Once when I was working as a clerk on the trading floor at the Chicago Mercantile Exchange, maybe February of 1987, the trader I worked for tried to place an order and the broker filled it wrong, and there was a shouting match about it, but the broker was a fixture there and my boss was not, so what should have been a winning trade was a shit sandwich. Life in the big city. I suppose somehow it was my fault. It always is, right? He turned to me and said "You cannot ever trust these guys, they are overworked, incompetent, or dishonest, and frequently all three." Same applies to lawyers.

No point in worrying about the time you were a lawyer. How do you know you would have made better decisions if you did something else? You change one fact about the past in a hypothetical, they all change. Maybe you would have stepped in front of a truck. Who knows? Water under the bridge. Play the cards you are holding.
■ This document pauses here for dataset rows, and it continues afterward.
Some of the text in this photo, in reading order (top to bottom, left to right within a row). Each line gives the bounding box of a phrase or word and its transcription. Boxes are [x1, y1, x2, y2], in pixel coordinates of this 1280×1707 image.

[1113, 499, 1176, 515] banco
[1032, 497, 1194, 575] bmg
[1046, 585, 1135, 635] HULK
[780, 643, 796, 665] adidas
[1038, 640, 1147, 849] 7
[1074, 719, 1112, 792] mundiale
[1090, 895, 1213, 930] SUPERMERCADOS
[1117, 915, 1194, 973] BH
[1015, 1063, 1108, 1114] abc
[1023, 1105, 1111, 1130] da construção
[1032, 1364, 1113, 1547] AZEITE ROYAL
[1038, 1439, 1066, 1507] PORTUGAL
Everything else is illusory. Regret is a waste of time and energy. What already happened is a sunk cost. Forget it.

(If you are a Catholic you can pray, "Lord, I add to your Holy Cross, for the salvation of souls, all of my regrets, sadness, and disappointments, and all suffering and unhappiness and indignity from my legal career, and I ask you in your infinite kindness and mercy to give me light and strength to make good use of the remaining time in this life you have so kindly granted me. Your most holy will be done. Amen." Then, move on.)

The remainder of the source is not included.